Report the number of lines in the entries below that include the word "Cable", and nothing else.

INPUT FOR THIS TASK -

──────────

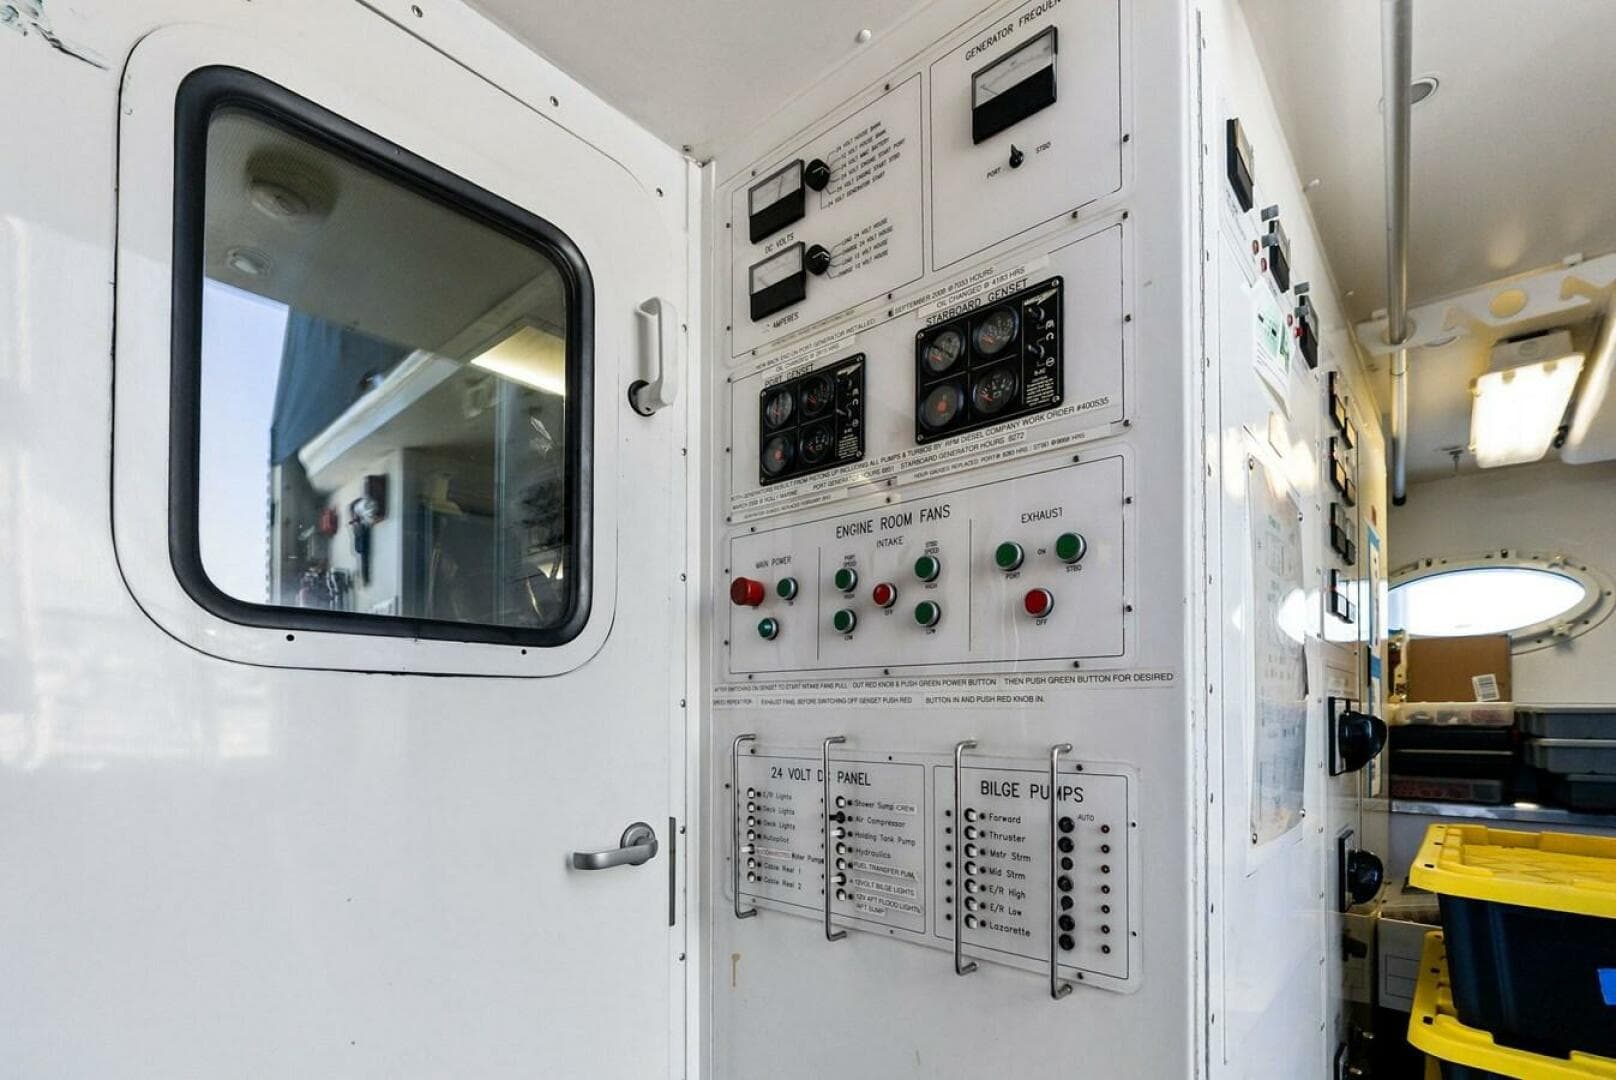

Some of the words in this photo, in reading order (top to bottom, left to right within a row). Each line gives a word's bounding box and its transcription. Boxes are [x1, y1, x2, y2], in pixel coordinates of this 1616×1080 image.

[966, 24, 1014, 61] GENERATOR
[764, 244, 773, 254] DC
[776, 233, 794, 248] VOLTS
[948, 284, 982, 303] CHANGED
[1009, 266, 1025, 277] HRS
[926, 298, 981, 326] STARBOARD
[988, 278, 1028, 301] GENSET
[773, 312, 799, 329] AMPERES
[814, 331, 845, 348] GENERATOR
[765, 374, 782, 388] PORT
[786, 363, 814, 380] GENSET
[880, 452, 901, 462] PUMPS
[985, 421, 1020, 435] COMPANY
[1022, 414, 1045, 426] WORK
[1046, 405, 1074, 419] ORDER
[900, 454, 937, 468] STARBOARD
[938, 443, 979, 459] GENERATOR
[980, 437, 1004, 449] HOURS
[836, 519, 874, 539] ENGINE
[880, 512, 912, 532] ROOM
[920, 504, 950, 523] FANS
[1021, 507, 1063, 524] EXHAUST
[876, 536, 904, 548] INTAKE
[771, 555, 792, 566] POWER
[1077, 675, 1110, 683] BUTTON
[1112, 673, 1131, 681] FOR
[1134, 672, 1173, 681] DESIRED
[771, 766, 784, 779] 24
[788, 768, 811, 781] VOLT
[818, 769, 830, 783] D
[837, 770, 871, 786] PANEL
[776, 792, 792, 800] Lights
[980, 780, 1020, 798] BILGE
[779, 808, 794, 816] Lights
[854, 799, 874, 808] Shower
[877, 802, 893, 811] Sump
[867, 817, 906, 828] Compressor
[990, 813, 1021, 824] Forward
[1078, 814, 1094, 822] AUTO
[780, 822, 795, 830] Lights
[764, 834, 789, 843] Autopilot
[855, 832, 877, 842] Holding
[898, 836, 916, 847] Pump
[990, 831, 1026, 842] Thruster
[856, 848, 891, 858] Hydraulics
[990, 849, 1007, 858] Mstr
[1011, 852, 1031, 862] Strm
[764, 862, 779, 870] Cable
[854, 861, 866, 869] FUEL
[870, 863, 899, 875] TRANSFER
[990, 867, 1001, 876] Mid
[1007, 870, 1025, 880] Strm
[764, 876, 779, 884] Cable
[798, 882, 802, 890] 2
[876, 882, 891, 891] BILGE
[894, 887, 914, 896] LIGHTS
[990, 884, 1004, 896] E/R
[1009, 888, 1026, 900] High
[879, 898, 898, 908] FLOOD
[990, 902, 1004, 912] E/R
[1009, 907, 1022, 916] Low
[990, 920, 1031, 937] Lazarette

──────────

FINAL ANSWER - 2